◆ What the exercise asks:
The data below needs to be returned exactly, line for line.

★ ★ ★

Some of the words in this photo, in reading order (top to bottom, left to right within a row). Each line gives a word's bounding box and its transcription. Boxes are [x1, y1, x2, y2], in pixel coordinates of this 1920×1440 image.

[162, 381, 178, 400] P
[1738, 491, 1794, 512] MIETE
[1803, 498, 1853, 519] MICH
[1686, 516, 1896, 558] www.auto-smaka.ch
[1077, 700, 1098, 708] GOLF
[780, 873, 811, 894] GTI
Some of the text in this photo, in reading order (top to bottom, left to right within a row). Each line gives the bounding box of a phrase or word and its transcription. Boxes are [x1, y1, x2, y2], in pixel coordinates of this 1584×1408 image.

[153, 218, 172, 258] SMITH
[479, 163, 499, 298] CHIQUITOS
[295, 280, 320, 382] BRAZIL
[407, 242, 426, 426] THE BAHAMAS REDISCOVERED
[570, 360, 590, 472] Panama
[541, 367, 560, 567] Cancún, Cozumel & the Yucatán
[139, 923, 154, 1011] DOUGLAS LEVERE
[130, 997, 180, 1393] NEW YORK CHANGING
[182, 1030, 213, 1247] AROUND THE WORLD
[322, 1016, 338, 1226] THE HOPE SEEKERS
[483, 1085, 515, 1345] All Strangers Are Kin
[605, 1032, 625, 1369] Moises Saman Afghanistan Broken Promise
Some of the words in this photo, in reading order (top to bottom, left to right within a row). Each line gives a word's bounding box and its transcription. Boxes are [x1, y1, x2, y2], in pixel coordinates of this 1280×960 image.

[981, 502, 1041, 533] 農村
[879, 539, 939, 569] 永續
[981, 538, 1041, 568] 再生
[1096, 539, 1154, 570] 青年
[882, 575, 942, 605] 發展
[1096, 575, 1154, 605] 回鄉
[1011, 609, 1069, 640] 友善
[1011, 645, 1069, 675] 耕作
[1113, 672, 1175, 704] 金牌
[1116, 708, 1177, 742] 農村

★ ★ ★

◆ Result:
Some of the words in this photo, in reading order (top to bottom, left to right within a row). Each line gives a word's bounding box and its transcription. Boxes are [x1, y1, x2, y2], in pixel coordinates of this 1920×1440 image.

[162, 381, 178, 400] P
[1738, 491, 1794, 512] MIETE
[1803, 498, 1853, 519] MICH
[1686, 516, 1896, 558] www.auto-smaka.ch
[1077, 700, 1098, 708] GOLF
[780, 873, 811, 894] GTI
Some of the text in this photo, in reading order (top to bottom, left to right within a row). Each line gives the bounding box of a phrase or word and its transcription. Boxes are [x1, y1, x2, y2], in pixel coordinates of this 1584×1408 image.

[153, 218, 172, 258] SMITH
[479, 163, 499, 298] CHIQUITOS
[295, 280, 320, 382] BRAZIL
[407, 242, 426, 426] THE BAHAMAS REDISCOVERED
[570, 360, 590, 472] Panama
[541, 367, 560, 567] Cancún, Cozumel & the Yucatán
[139, 923, 154, 1011] DOUGLAS LEVERE
[130, 997, 180, 1393] NEW YORK CHANGING
[182, 1030, 213, 1247] AROUND THE WORLD
[322, 1016, 338, 1226] THE HOPE SEEKERS
[483, 1085, 515, 1345] All Strangers Are Kin
[605, 1032, 625, 1369] Moises Saman Afghanistan Broken Promise
Some of the words in this photo, in reading order (top to bottom, left to right within a row). Each line gives a word's bounding box and its transcription. Boxes are [x1, y1, x2, y2], in pixel coordinates of this 1280×960 image.

[981, 502, 1041, 533] 農村
[879, 539, 939, 569] 永續
[981, 538, 1041, 568] 再生
[1096, 539, 1154, 570] 青年
[882, 575, 942, 605] 發展
[1096, 575, 1154, 605] 回鄉
[1011, 609, 1069, 640] 友善
[1011, 645, 1069, 675] 耕作
[1113, 672, 1175, 704] 金牌
[1116, 708, 1177, 742] 農村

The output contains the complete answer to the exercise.